More clearly still: the “new” tolerance demanded in our current political and social environment is not that which is concerned the truth, but your truth. If a person’s beliefs run counter to what you think is worthy of praise, it’s an attack on your identity and personality, at least if what you think is worthy is in line with dominant cultural dogma. . It is decidedly not something that can be tolerated, and free inquiry and exchange of ideas cannot take place on such matters either. If you disagree, you’re bigoted, racist, homophobic and all the other insults one could throw around to try to make it stick.

If you are in tune with what the wider culture considers good and right, you will, of course, find yourself tolerated even if you name the name Jesus, largely because the “Jesus” you are positing is everything quite like the god of this age. The world loves the name of Christ when attached to its favorite social agendas, domestic sins and idols – what it hates is the real biblical Christ, who will not share allegiance to the dominant cultural gods of this world.

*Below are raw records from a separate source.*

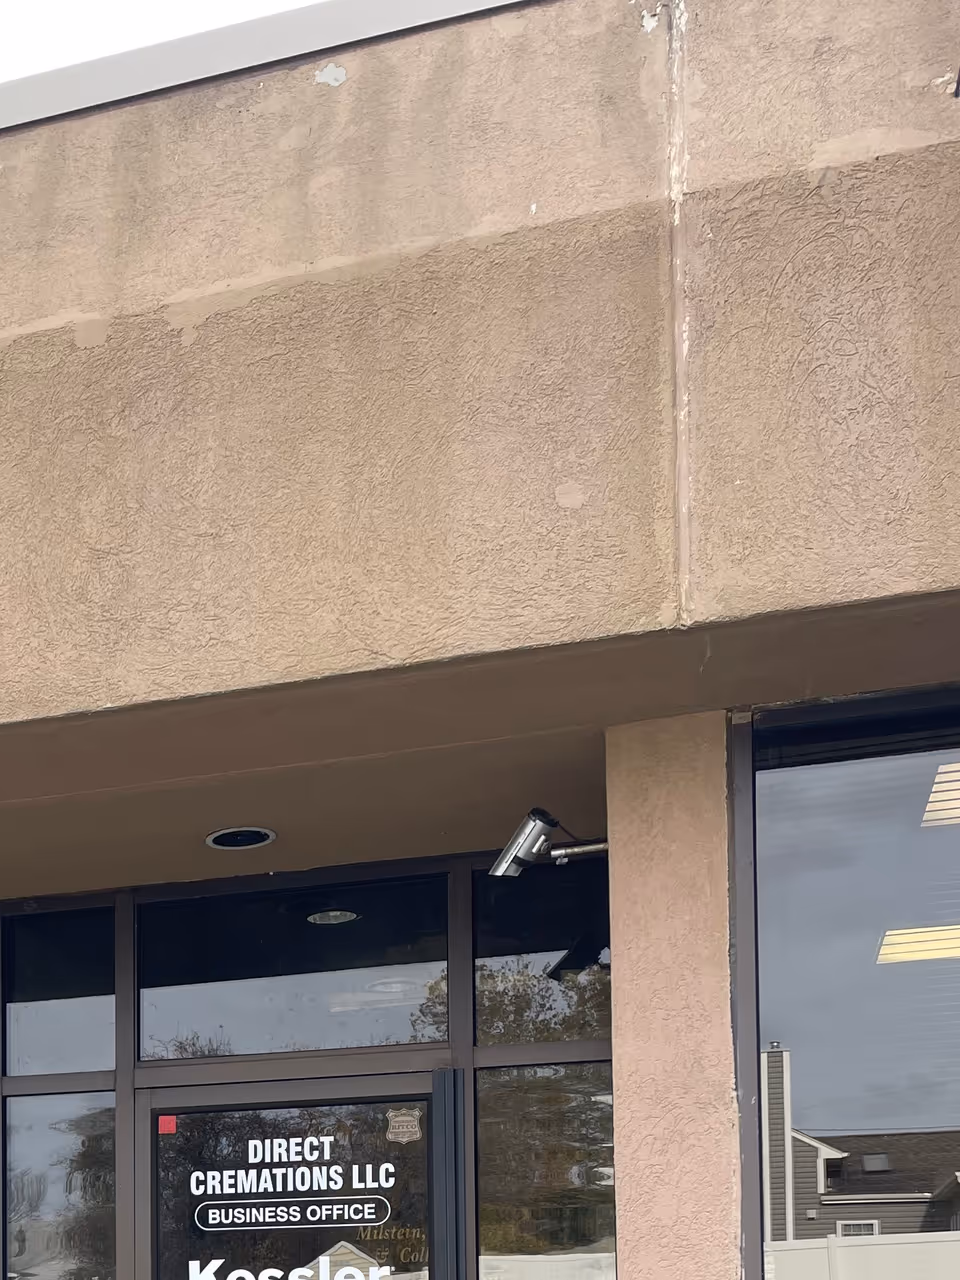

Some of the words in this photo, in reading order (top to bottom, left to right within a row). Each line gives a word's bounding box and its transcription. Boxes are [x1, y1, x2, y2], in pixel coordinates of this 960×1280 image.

[248, 1136, 334, 1164] DIRECT
[190, 1165, 344, 1195] CREMATIONS
[352, 1163, 395, 1189] LLC
[208, 1205, 301, 1224] BUSINESS
[306, 1203, 376, 1221] OFFICE
[356, 1224, 426, 1241] Milstein,
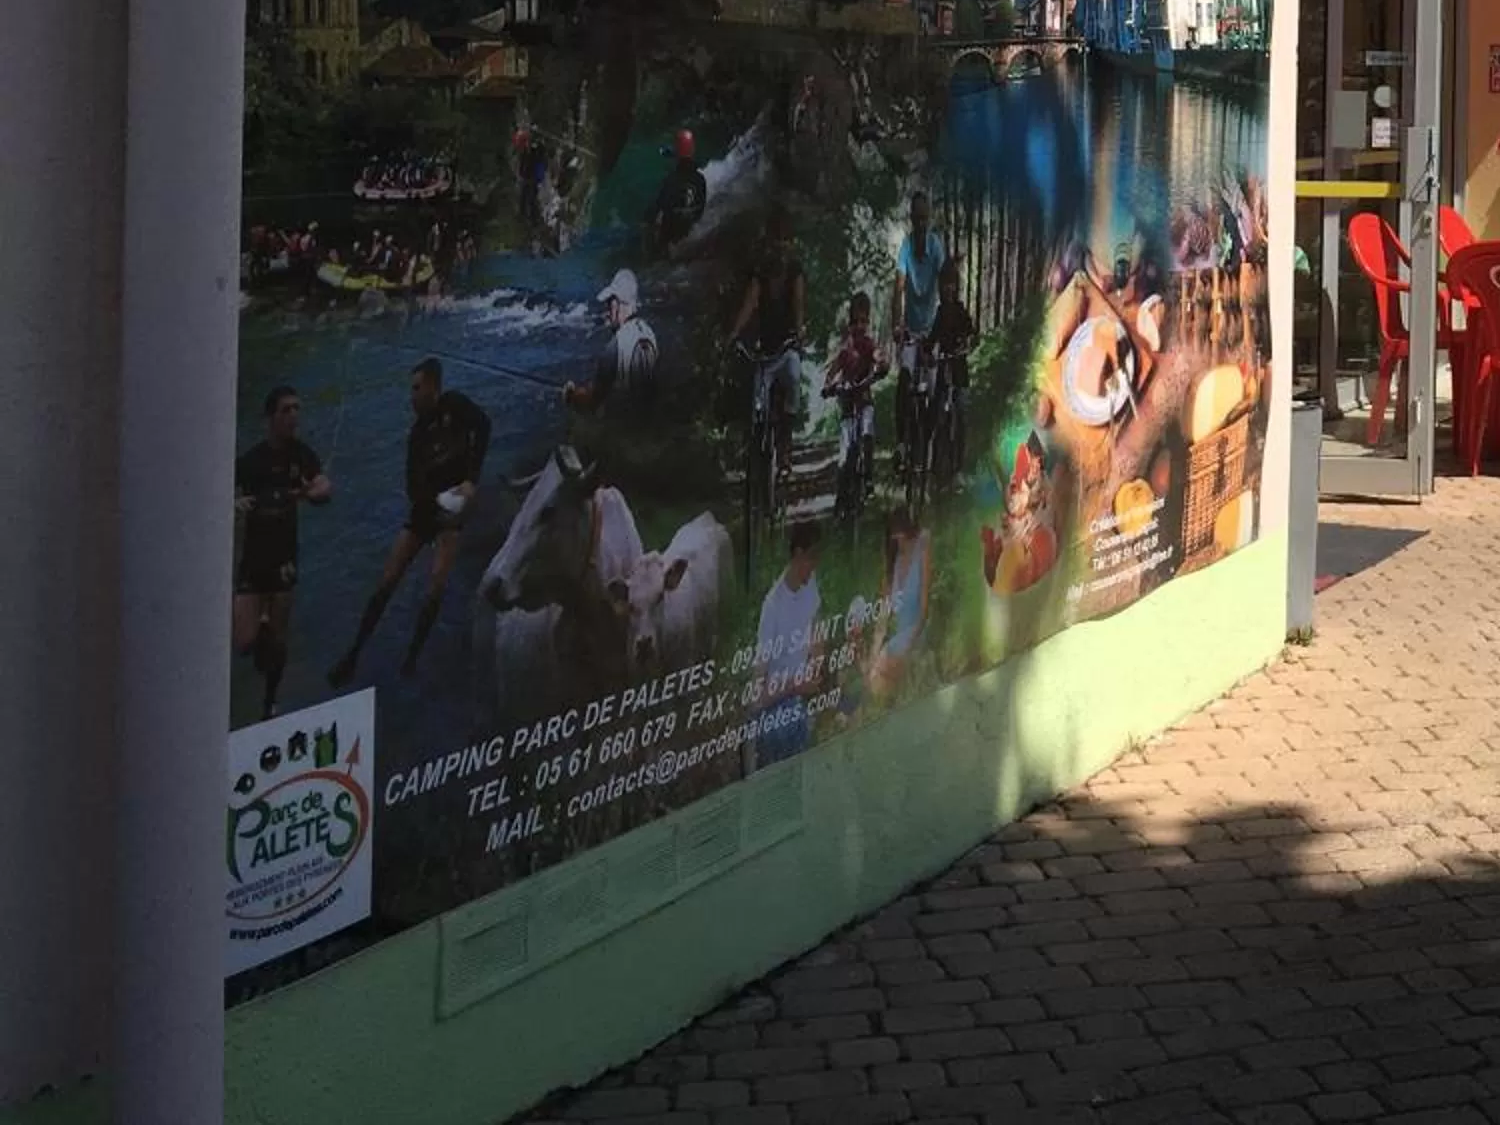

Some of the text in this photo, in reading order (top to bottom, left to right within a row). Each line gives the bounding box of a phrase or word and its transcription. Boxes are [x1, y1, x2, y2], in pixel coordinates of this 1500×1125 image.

[384, 736, 504, 806] CAMPING
[510, 708, 579, 759] PARC
[583, 694, 616, 732] DE
[618, 659, 715, 718] PALETES
[789, 614, 844, 654] SAINT
[467, 780, 511, 817] TEL
[535, 759, 562, 791] 05
[567, 743, 592, 775] 61
[600, 726, 636, 765] 660
[640, 711, 677, 746] 679
[686, 690, 729, 730] FAX
[741, 677, 765, 706] 05
[768, 668, 789, 696] 61
[301, 789, 323, 813] de
[484, 805, 545, 853] MAIL

That’s why you see such outrage at basic biblical teachings on things like abortion, homosexuality, gender, and more. Once you stray into a subject that the Bible unflinchingly covers in a way contrary to the ideals of the culture, you quickly find yourself in the crosshairs of those who, as Trueman said, would compare you to a supremacist. White. This has happened before on the three aforementioned issues of abortion, homosexuality and gender, by the way, even from some who claim to be Christians. It seems that many are still asking to be accepted in a world that has rapidly become post-Christian.

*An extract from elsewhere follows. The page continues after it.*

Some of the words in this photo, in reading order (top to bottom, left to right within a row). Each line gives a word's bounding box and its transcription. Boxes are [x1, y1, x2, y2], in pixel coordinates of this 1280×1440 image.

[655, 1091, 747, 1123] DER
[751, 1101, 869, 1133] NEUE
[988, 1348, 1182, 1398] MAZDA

That’s why Trueman’s quote is still relevant this year. The point is relatively simple, and I believe faithful ministers of the gospel have been doing it for years: count the cost, Christian. It will cost you to follow Jesus, no matter what cultural climate you find yourself in. It will cost you to be found faithful. It will cost you to defend the truth. The question has never been “if”, but simply “when”. When it comes time to pay the Pied Piper, and trust me, it will, no amount of “cool” will stop debt collectors. Some may lose their jobs, have their homes confiscated, have loved ones dissociate themselves from them, and perhaps even suffer even greater hardship. I might even be bold enough to bet someone from the “new” tolerance will comment, “Good. You have what you deserve.” Yet if Christ and His Word are cherished above all else, we will hold out to the end, knowing that the position of Scripture on all issues will outlast the progressive ideals of a culture still wavering.

If I can remember another prescient word, it would be from the author of Hebrews who warned against apostasy – something that I believe the wider Christian church is currently in great danger of. :

For we know Him who said, “Vengeance is mine, I will repay it.” And again: “The Lord will judge his people. It is a terrifying thing to fall into the hands of the living God.

But remember the days of old when, having been enlightened, you endured a great conflict of suffering, partly by being put on public display by insults and anguish, and partly by becoming companions to those who were so treated . For you have shown sympathy to the prisoners and gladly accepted the confiscation of your property, knowing that you have for yourself a better and lasting possession of it. Therefore, do not throw away your trust, which has a great reward. For you need endurance, so that when you have done the will of God, you will receive what was promised.

For in a little while yet, He who is coming will come, and will not delay. But My righteous shall live by faith; and if he backs down, My soul has no pleasure in him. But we are not those who shrink back to destruction, but those who have faith to save the soul (Heb. 10:32-39).